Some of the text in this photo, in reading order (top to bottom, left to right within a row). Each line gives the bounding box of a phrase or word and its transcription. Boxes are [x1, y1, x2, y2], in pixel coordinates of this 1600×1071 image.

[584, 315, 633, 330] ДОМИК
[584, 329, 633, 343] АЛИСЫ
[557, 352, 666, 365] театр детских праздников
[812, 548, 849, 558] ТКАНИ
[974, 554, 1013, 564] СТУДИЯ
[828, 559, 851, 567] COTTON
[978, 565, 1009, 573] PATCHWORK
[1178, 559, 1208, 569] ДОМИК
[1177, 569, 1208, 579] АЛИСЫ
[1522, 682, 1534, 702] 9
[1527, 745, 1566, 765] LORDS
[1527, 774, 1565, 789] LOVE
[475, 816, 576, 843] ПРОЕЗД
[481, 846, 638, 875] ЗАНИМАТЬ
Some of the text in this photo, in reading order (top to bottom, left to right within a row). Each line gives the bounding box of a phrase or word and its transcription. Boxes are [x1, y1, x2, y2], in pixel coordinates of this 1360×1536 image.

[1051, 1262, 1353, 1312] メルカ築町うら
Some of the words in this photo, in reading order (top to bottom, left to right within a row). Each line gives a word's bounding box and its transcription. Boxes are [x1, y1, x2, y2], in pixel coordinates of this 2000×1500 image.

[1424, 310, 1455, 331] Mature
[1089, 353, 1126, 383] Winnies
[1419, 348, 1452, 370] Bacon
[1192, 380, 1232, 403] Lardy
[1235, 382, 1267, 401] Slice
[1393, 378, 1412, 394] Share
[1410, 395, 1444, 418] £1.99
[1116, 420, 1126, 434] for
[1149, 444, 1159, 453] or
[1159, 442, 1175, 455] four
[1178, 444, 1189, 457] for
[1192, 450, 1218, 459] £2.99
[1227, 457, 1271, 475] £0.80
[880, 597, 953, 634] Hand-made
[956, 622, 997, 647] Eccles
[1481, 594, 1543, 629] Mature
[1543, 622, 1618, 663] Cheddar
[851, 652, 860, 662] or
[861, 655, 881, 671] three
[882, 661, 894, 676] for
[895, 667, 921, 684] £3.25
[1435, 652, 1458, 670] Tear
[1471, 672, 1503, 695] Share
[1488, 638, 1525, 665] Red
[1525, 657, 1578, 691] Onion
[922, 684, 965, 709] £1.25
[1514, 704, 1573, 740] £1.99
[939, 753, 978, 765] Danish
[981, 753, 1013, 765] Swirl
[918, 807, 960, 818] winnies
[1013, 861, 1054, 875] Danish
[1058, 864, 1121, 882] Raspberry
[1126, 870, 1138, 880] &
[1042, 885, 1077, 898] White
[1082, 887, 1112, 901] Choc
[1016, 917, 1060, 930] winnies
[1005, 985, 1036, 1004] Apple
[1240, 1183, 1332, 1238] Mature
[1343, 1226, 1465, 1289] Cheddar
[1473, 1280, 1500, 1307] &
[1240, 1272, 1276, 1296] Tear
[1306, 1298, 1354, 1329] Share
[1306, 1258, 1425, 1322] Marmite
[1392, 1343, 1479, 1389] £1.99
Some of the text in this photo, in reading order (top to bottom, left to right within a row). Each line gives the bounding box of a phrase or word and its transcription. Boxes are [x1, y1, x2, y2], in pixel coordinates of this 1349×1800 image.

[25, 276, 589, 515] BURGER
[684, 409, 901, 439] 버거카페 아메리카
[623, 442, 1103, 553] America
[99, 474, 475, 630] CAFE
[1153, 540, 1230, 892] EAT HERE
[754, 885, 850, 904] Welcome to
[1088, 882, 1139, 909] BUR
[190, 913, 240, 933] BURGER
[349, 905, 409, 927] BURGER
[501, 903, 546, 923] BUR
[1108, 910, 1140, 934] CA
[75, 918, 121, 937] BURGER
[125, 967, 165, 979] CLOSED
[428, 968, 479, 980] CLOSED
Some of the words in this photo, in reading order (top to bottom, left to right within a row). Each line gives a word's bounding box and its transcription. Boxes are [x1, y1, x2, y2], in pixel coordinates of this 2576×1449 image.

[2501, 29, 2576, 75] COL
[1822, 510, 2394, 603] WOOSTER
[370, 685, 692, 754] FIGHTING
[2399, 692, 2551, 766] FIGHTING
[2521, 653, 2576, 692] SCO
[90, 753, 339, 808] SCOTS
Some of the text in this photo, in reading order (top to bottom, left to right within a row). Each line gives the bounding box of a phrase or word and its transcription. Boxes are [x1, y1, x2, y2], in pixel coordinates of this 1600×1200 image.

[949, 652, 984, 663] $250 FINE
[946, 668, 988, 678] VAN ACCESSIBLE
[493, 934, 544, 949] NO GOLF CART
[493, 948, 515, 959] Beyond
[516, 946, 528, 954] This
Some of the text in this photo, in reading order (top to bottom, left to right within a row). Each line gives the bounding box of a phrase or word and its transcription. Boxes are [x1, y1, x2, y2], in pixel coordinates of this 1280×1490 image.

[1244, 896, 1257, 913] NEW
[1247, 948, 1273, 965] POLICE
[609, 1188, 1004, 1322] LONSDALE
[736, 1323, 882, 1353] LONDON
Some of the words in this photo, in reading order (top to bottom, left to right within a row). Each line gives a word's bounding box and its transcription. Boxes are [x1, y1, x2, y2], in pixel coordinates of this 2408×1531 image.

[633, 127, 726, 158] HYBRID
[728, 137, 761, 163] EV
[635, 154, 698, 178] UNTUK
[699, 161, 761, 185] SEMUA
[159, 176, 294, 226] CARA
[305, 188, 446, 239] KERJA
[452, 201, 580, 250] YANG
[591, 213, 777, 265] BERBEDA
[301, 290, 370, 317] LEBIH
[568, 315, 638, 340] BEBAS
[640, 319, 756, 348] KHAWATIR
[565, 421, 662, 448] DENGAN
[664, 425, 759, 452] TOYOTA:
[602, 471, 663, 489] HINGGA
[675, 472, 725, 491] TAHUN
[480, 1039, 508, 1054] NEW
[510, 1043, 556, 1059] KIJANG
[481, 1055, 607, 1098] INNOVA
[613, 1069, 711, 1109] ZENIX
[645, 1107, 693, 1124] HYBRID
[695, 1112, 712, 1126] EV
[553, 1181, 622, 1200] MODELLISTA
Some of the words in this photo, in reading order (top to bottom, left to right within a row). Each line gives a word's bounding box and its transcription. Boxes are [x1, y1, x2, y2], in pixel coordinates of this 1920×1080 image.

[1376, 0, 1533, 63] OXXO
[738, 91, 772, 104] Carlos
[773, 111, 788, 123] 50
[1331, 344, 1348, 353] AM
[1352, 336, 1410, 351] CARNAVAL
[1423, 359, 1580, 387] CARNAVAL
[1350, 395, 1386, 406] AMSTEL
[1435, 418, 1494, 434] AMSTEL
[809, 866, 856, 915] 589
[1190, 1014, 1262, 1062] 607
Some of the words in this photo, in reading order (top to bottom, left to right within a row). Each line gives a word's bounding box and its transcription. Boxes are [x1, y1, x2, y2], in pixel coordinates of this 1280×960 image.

■ ■ ■

▶ YOUR ASSIGNMENT: Every line of the listing above is to be repeated exactly as written.

▶ SOLUTION FOR THIS EXERCISE:
Some of the text in this photo, in reading order (top to bottom, left to right within a row). Each line gives the bounding box of a phrase or word and its transcription. Boxes are [x1, y1, x2, y2], in pixel coordinates of this 1600×1071 image.

[584, 315, 633, 330] ДОМИК
[584, 329, 633, 343] АЛИСЫ
[557, 352, 666, 365] театр детских праздников
[812, 548, 849, 558] ТКАНИ
[974, 554, 1013, 564] СТУДИЯ
[828, 559, 851, 567] COTTON
[978, 565, 1009, 573] PATCHWORK
[1178, 559, 1208, 569] ДОМИК
[1177, 569, 1208, 579] АЛИСЫ
[1522, 682, 1534, 702] 9
[1527, 745, 1566, 765] LORDS
[1527, 774, 1565, 789] LOVE
[475, 816, 576, 843] ПРОЕЗД
[481, 846, 638, 875] ЗАНИМАТЬ
Some of the text in this photo, in reading order (top to bottom, left to right within a row). Each line gives the bounding box of a phrase or word and its transcription. Boxes are [x1, y1, x2, y2], in pixel coordinates of this 1360×1536 image.

[1051, 1262, 1353, 1312] メルカ築町うら
Some of the words in this photo, in reading order (top to bottom, left to right within a row). Each line gives a word's bounding box and its transcription. Boxes are [x1, y1, x2, y2], in pixel coordinates of this 2000×1500 image.

[1424, 310, 1455, 331] Mature
[1089, 353, 1126, 383] Winnies
[1419, 348, 1452, 370] Bacon
[1192, 380, 1232, 403] Lardy
[1235, 382, 1267, 401] Slice
[1393, 378, 1412, 394] Share
[1410, 395, 1444, 418] £1.99
[1116, 420, 1126, 434] for
[1149, 444, 1159, 453] or
[1159, 442, 1175, 455] four
[1178, 444, 1189, 457] for
[1192, 450, 1218, 459] £2.99
[1227, 457, 1271, 475] £0.80
[880, 597, 953, 634] Hand-made
[956, 622, 997, 647] Eccles
[1481, 594, 1543, 629] Mature
[1543, 622, 1618, 663] Cheddar
[851, 652, 860, 662] or
[861, 655, 881, 671] three
[882, 661, 894, 676] for
[895, 667, 921, 684] £3.25
[1435, 652, 1458, 670] Tear
[1471, 672, 1503, 695] Share
[1488, 638, 1525, 665] Red
[1525, 657, 1578, 691] Onion
[922, 684, 965, 709] £1.25
[1514, 704, 1573, 740] £1.99
[939, 753, 978, 765] Danish
[981, 753, 1013, 765] Swirl
[918, 807, 960, 818] winnies
[1013, 861, 1054, 875] Danish
[1058, 864, 1121, 882] Raspberry
[1126, 870, 1138, 880] &
[1042, 885, 1077, 898] White
[1082, 887, 1112, 901] Choc
[1016, 917, 1060, 930] winnies
[1005, 985, 1036, 1004] Apple
[1240, 1183, 1332, 1238] Mature
[1343, 1226, 1465, 1289] Cheddar
[1473, 1280, 1500, 1307] &
[1240, 1272, 1276, 1296] Tear
[1306, 1298, 1354, 1329] Share
[1306, 1258, 1425, 1322] Marmite
[1392, 1343, 1479, 1389] £1.99
Some of the text in this photo, in reading order (top to bottom, left to right within a row). Each line gives the bounding box of a phrase or word and its transcription. Boxes are [x1, y1, x2, y2], in pixel coordinates of this 1349×1800 image.

[25, 276, 589, 515] BURGER
[684, 409, 901, 439] 버거카페 아메리카
[623, 442, 1103, 553] America
[99, 474, 475, 630] CAFE
[1153, 540, 1230, 892] EAT HERE
[754, 885, 850, 904] Welcome to
[1088, 882, 1139, 909] BUR
[190, 913, 240, 933] BURGER
[349, 905, 409, 927] BURGER
[501, 903, 546, 923] BUR
[1108, 910, 1140, 934] CA
[75, 918, 121, 937] BURGER
[125, 967, 165, 979] CLOSED
[428, 968, 479, 980] CLOSED
Some of the words in this photo, in reading order (top to bottom, left to right within a row). Each line gives a word's bounding box and its transcription. Boxes are [x1, y1, x2, y2], in pixel coordinates of this 2576×1449 image.

[2501, 29, 2576, 75] COL
[1822, 510, 2394, 603] WOOSTER
[370, 685, 692, 754] FIGHTING
[2399, 692, 2551, 766] FIGHTING
[2521, 653, 2576, 692] SCO
[90, 753, 339, 808] SCOTS
Some of the text in this photo, in reading order (top to bottom, left to right within a row). Each line gives the bounding box of a phrase or word and its transcription. Boxes are [x1, y1, x2, y2], in pixel coordinates of this 1600×1200 image.

[949, 652, 984, 663] $250 FINE
[946, 668, 988, 678] VAN ACCESSIBLE
[493, 934, 544, 949] NO GOLF CART
[493, 948, 515, 959] Beyond
[516, 946, 528, 954] This
Some of the text in this photo, in reading order (top to bottom, left to right within a row). Each line gives the bounding box of a phrase or word and its transcription. Boxes are [x1, y1, x2, y2], in pixel coordinates of this 1280×1490 image.

[1244, 896, 1257, 913] NEW
[1247, 948, 1273, 965] POLICE
[609, 1188, 1004, 1322] LONSDALE
[736, 1323, 882, 1353] LONDON
Some of the words in this photo, in reading order (top to bottom, left to right within a row). Each line gives a word's bounding box and its transcription. Boxes are [x1, y1, x2, y2], in pixel coordinates of this 2408×1531 image.

[633, 127, 726, 158] HYBRID
[728, 137, 761, 163] EV
[635, 154, 698, 178] UNTUK
[699, 161, 761, 185] SEMUA
[159, 176, 294, 226] CARA
[305, 188, 446, 239] KERJA
[452, 201, 580, 250] YANG
[591, 213, 777, 265] BERBEDA
[301, 290, 370, 317] LEBIH
[568, 315, 638, 340] BEBAS
[640, 319, 756, 348] KHAWATIR
[565, 421, 662, 448] DENGAN
[664, 425, 759, 452] TOYOTA:
[602, 471, 663, 489] HINGGA
[675, 472, 725, 491] TAHUN
[480, 1039, 508, 1054] NEW
[510, 1043, 556, 1059] KIJANG
[481, 1055, 607, 1098] INNOVA
[613, 1069, 711, 1109] ZENIX
[645, 1107, 693, 1124] HYBRID
[695, 1112, 712, 1126] EV
[553, 1181, 622, 1200] MODELLISTA
Some of the words in this photo, in reading order (top to bottom, left to right within a row). Each line gives a word's bounding box and its transcription. Boxes are [x1, y1, x2, y2], in pixel coordinates of this 1920×1080 image.

[1376, 0, 1533, 63] OXXO
[738, 91, 772, 104] Carlos
[773, 111, 788, 123] 50
[1331, 344, 1348, 353] AM
[1352, 336, 1410, 351] CARNAVAL
[1423, 359, 1580, 387] CARNAVAL
[1350, 395, 1386, 406] AMSTEL
[1435, 418, 1494, 434] AMSTEL
[809, 866, 856, 915] 589
[1190, 1014, 1262, 1062] 607
Some of the words in this photo, in reading order (top to bottom, left to right within a row). Each line gives a word's bounding box and its transcription. Boxes are [x1, y1, x2, y2], in pixel coordinates of this 1280×960 image.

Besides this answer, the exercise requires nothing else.